Chinese cyber espionage is responsible for what former NSA director Gen. Keith Alexander described as the “greatest transfer of wealth in history.” In fact, a U.S. Council of Economic Advisers study estimated that the loss from malicious cyber activities to the U.S. economy in 2016 alone could have been as high as $109 billion.35 A grim revelation of China’s cyber capabilities came in December 2018, when American and U.K. law enforcement exposed a sustained Chinese hacking operation of tremendous scale. The Chinese Ministry of State Security used a hacking squad known as APT10 to target U.S. companies in the finance, telecommunications, consumer electronics, and medical industries as well as NASA and Department of Defense research laboratories. APT10 hacked into internet service providers in the United States, Britain, Japan, Canada, Australia, Brazil, France, Switzerland, South Korea, and other countries, extracting clients’ intellectual property and sensitive data. For example, the hackers obtained personal information including Social Security numbers for more than one hundred thousand U.S. naval personnel.36
China’s theft and development of cutting-edge technologies is fundamental to its military modernization program. The party’s narrative of national rejuvenation prioritizes the development of a powerful military capable of defending expanding global interests. The PLA has used stolen technologies to pursue advanced military capabilities such as hypersonic missiles, anti-satellite weapons, laser weapons, modern ships, stealth fighter aircraft, electromagnetic railguns, and unmanned systems.37 Their vision is of a force capable of overmatching the United States in future war. Much of the technology needed is dual use. U.S. venture capital and private equity companies help the PLA achieve its vision by providing much of the capital to Chinese companies engaged in research and development of quantum computing, artificial intelligence, and other technologies.

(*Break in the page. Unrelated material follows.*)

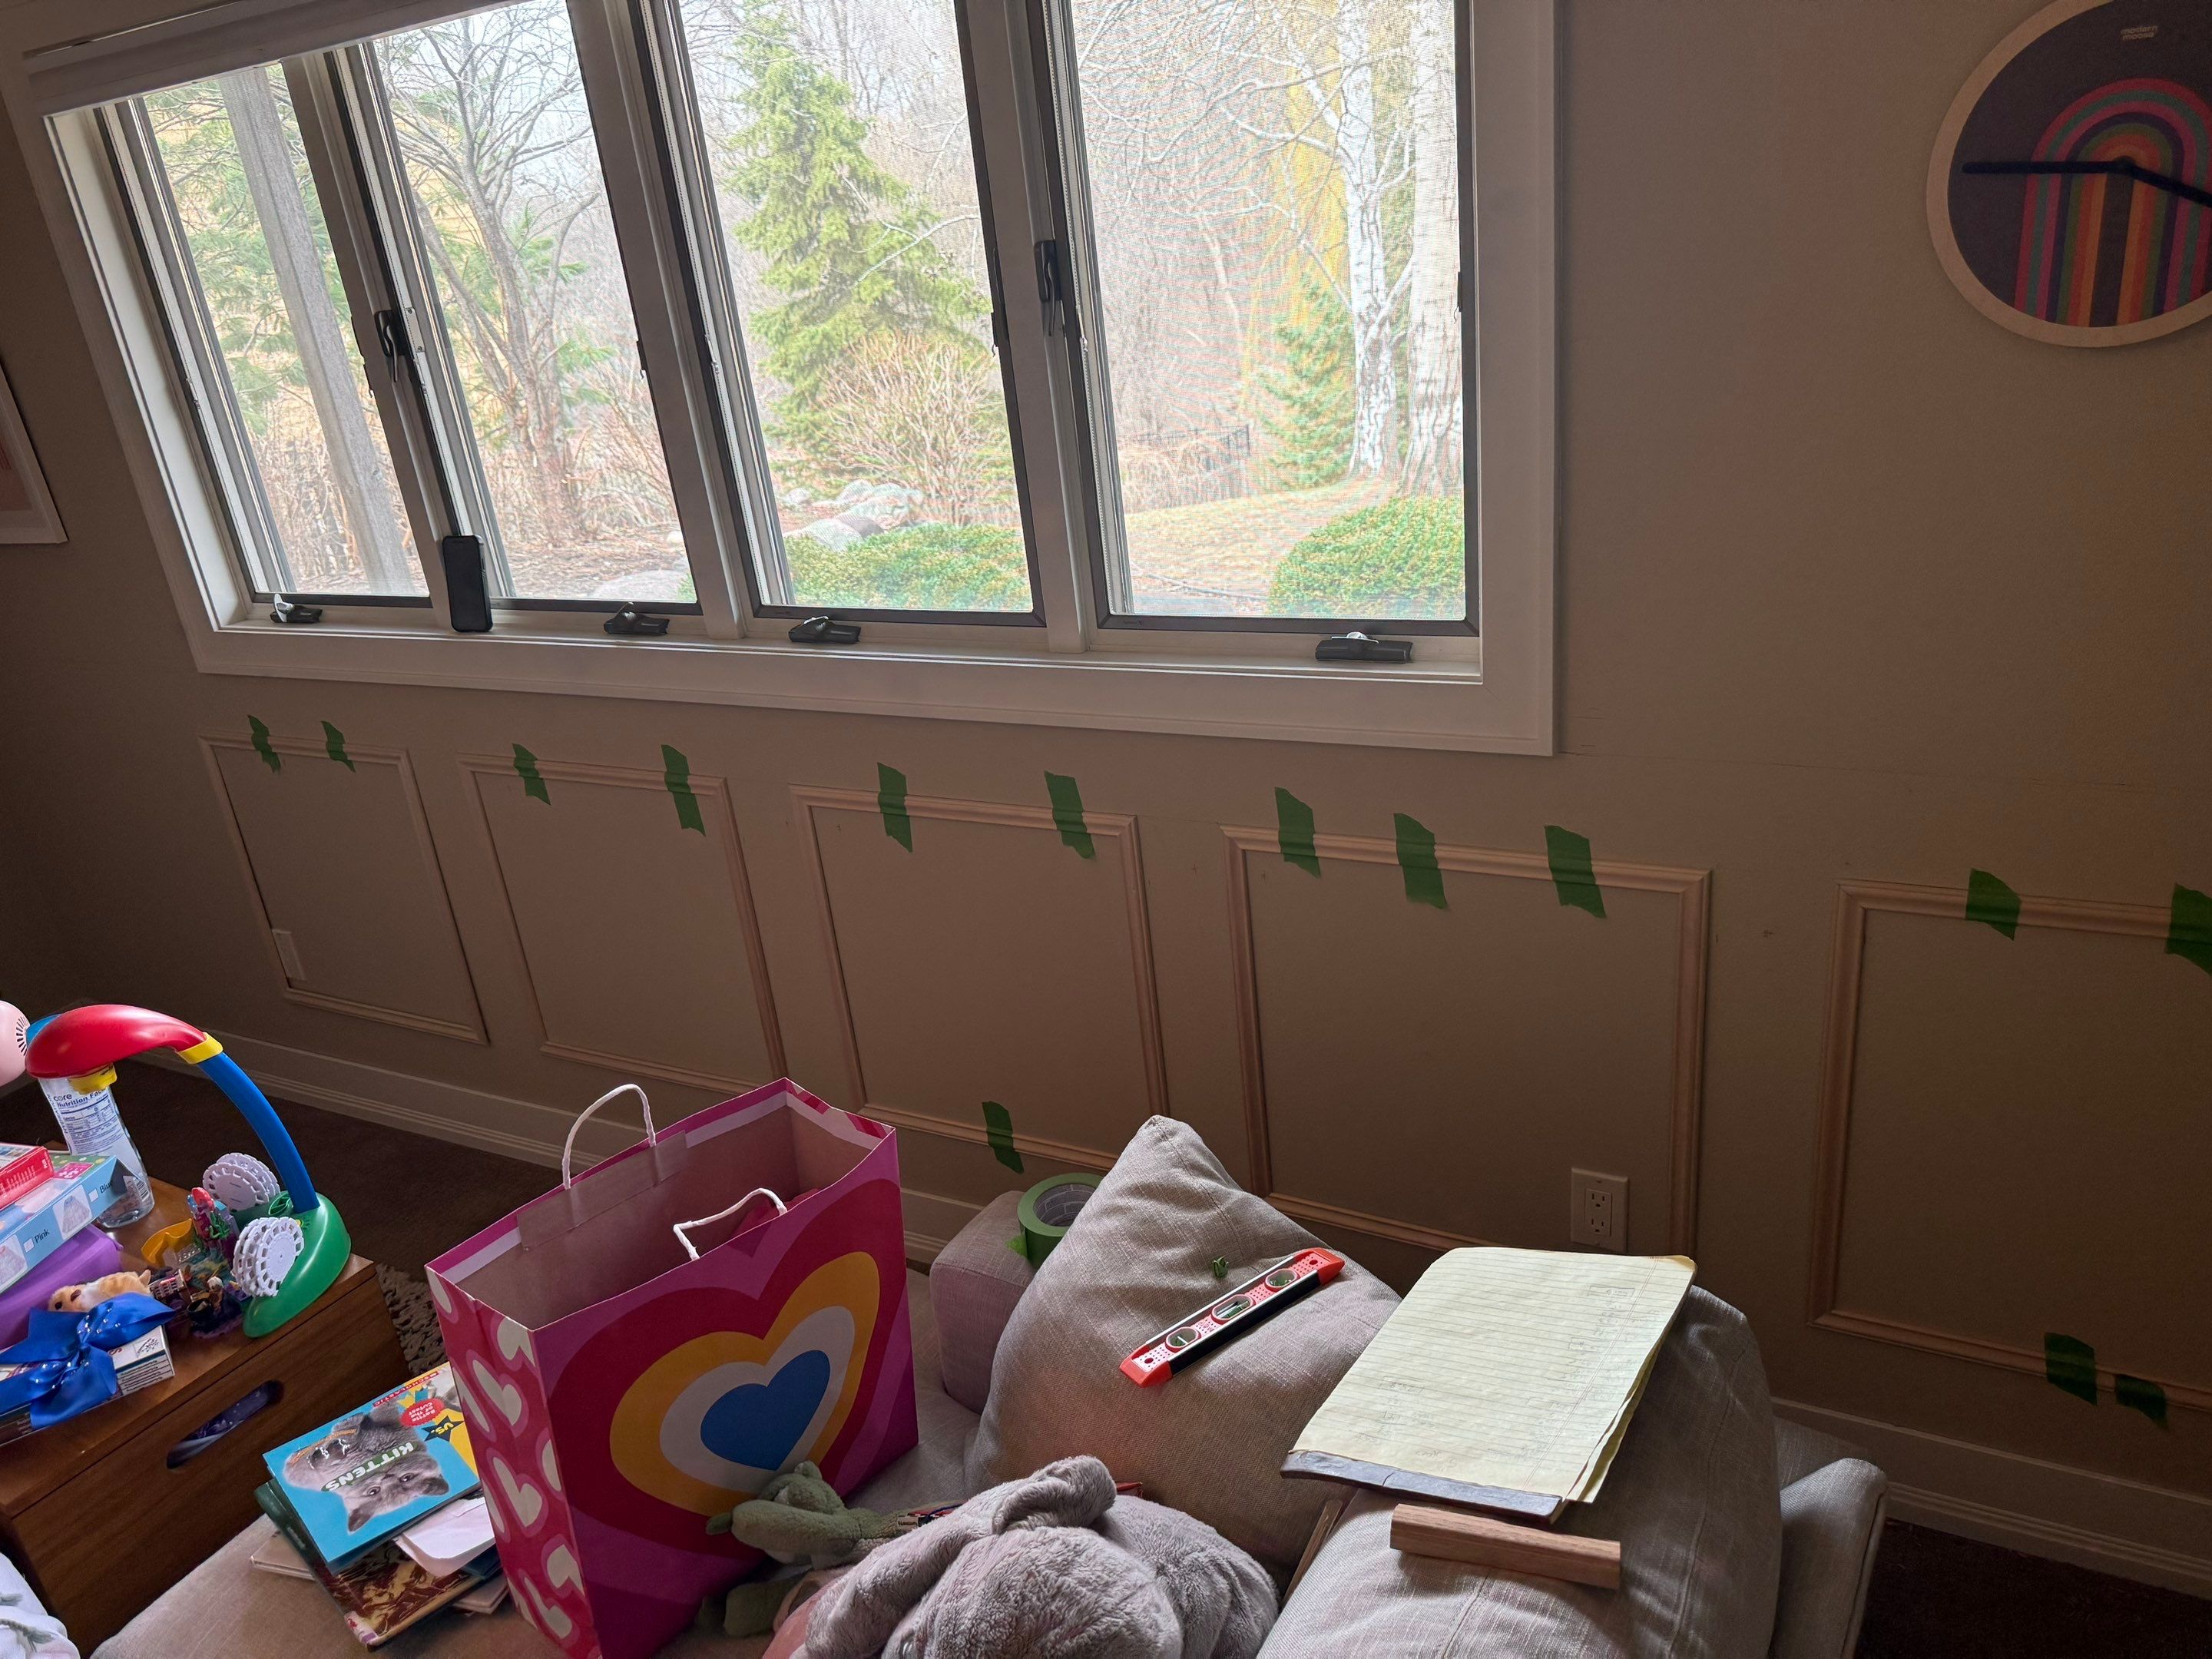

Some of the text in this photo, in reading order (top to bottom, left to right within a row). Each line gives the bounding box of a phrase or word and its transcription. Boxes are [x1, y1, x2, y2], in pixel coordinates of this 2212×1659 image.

Some transfers from U.S. companies have permitted the Chinese defense industry not only to develop its own capabilities, but also to drive the U.S. defense industry out of the international arms market with inexpensive knockoffs. For example, the Chinese drone company DJI controlled over 70 percent of the global market share in 2018 thanks to its unmatched prices. The company’s unmanned systems even became the most frequently flown commercial drones in the U.S. Army until they were banned for security concerns.38
Chinese espionage is successful in part because the CCP co-opts individuals, companies, and political leaders to collect intelligence and turns a blind eye to their activities. The party cultivates sympathetic agents in the United States and other nations with the lure of short-term profits. Companies from the United States and other free-market economies often do not report theft of their technology because they are afraid of losing access to the Chinese market, hurting their stock prices, harming relationships with customers, experiencing professional embarrassment, or prompting federal investigations.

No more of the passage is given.